▸ Required work: Transcribe every entry below word for word, but skip the pictures.

Saved entries
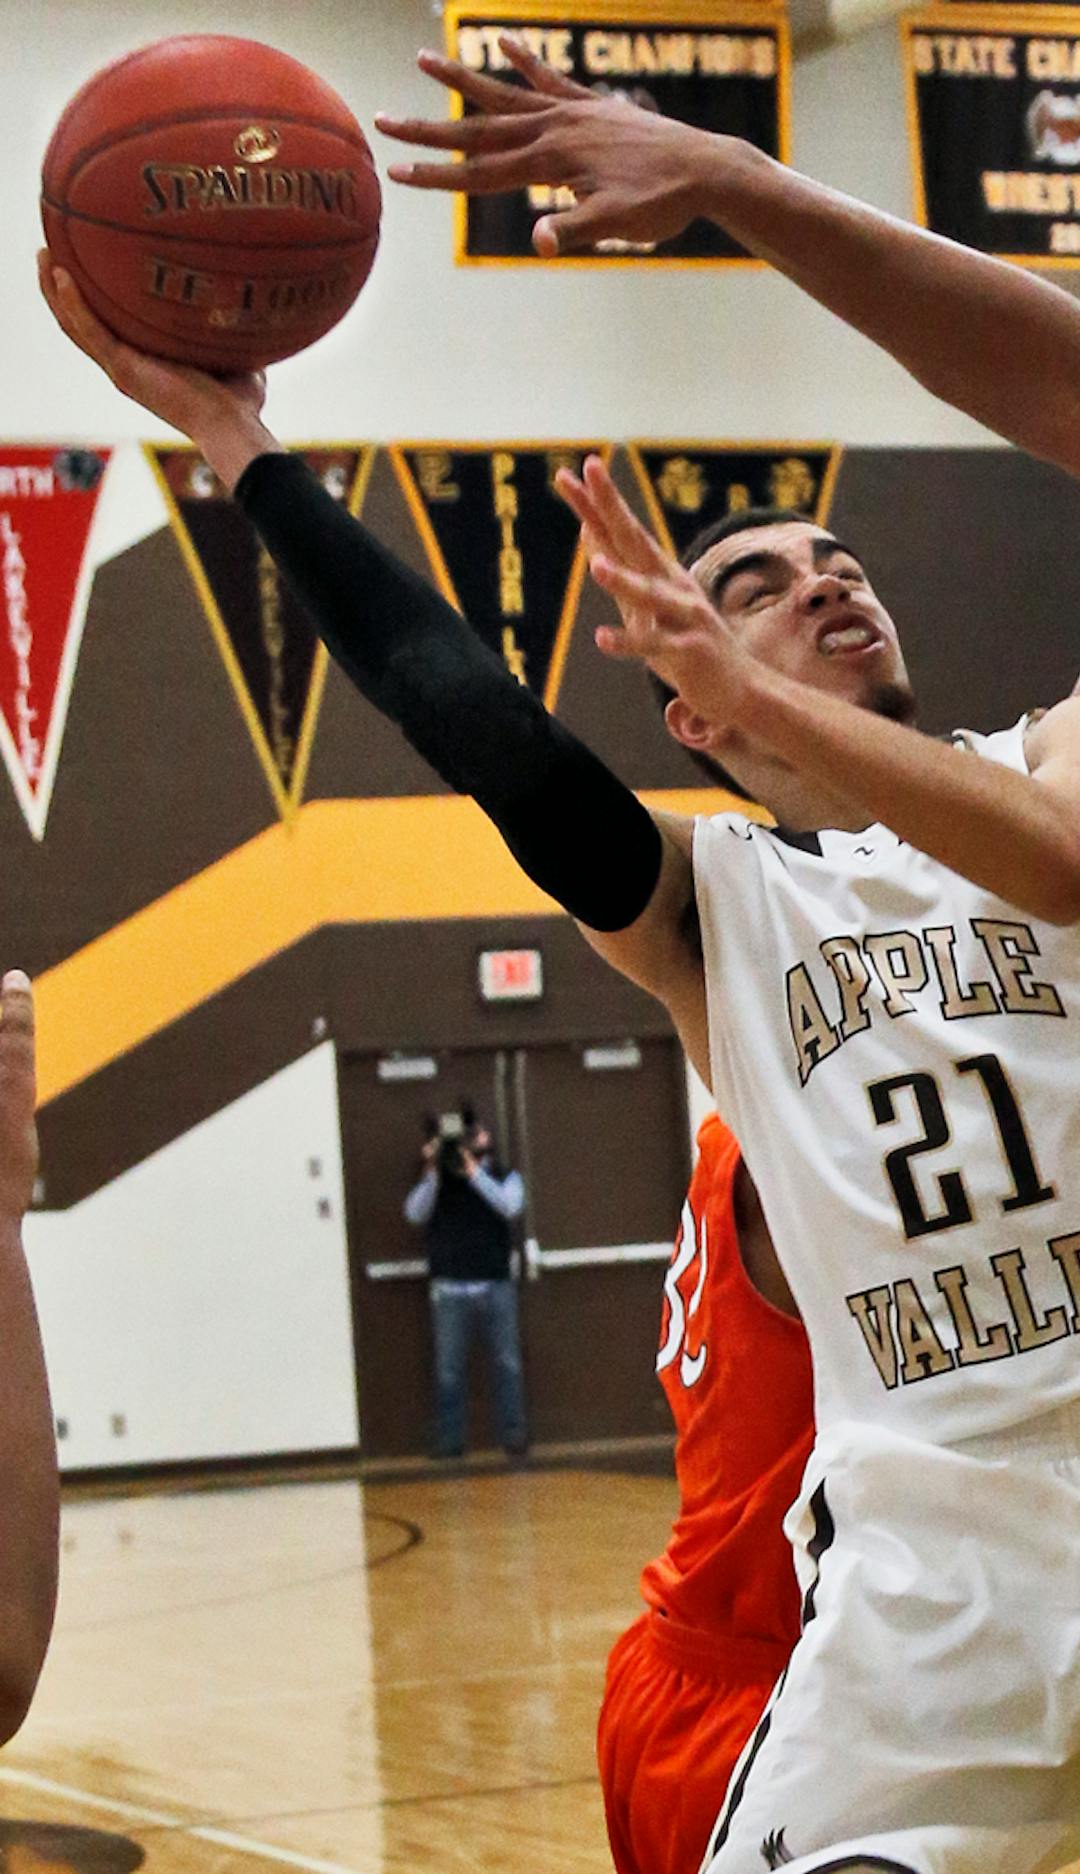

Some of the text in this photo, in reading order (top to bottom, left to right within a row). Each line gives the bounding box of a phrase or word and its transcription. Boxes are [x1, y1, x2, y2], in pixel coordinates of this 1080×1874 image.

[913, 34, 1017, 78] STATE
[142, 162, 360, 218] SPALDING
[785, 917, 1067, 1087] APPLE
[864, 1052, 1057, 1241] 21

▸ Answer box:
Some of the text in this photo, in reading order (top to bottom, left to right within a row). Each line gives the bounding box of a phrase or word and its transcription. Boxes are [x1, y1, x2, y2], in pixel coordinates of this 1080×1874 image.

[913, 34, 1017, 78] STATE
[142, 162, 360, 218] SPALDING
[785, 917, 1067, 1087] APPLE
[864, 1052, 1057, 1241] 21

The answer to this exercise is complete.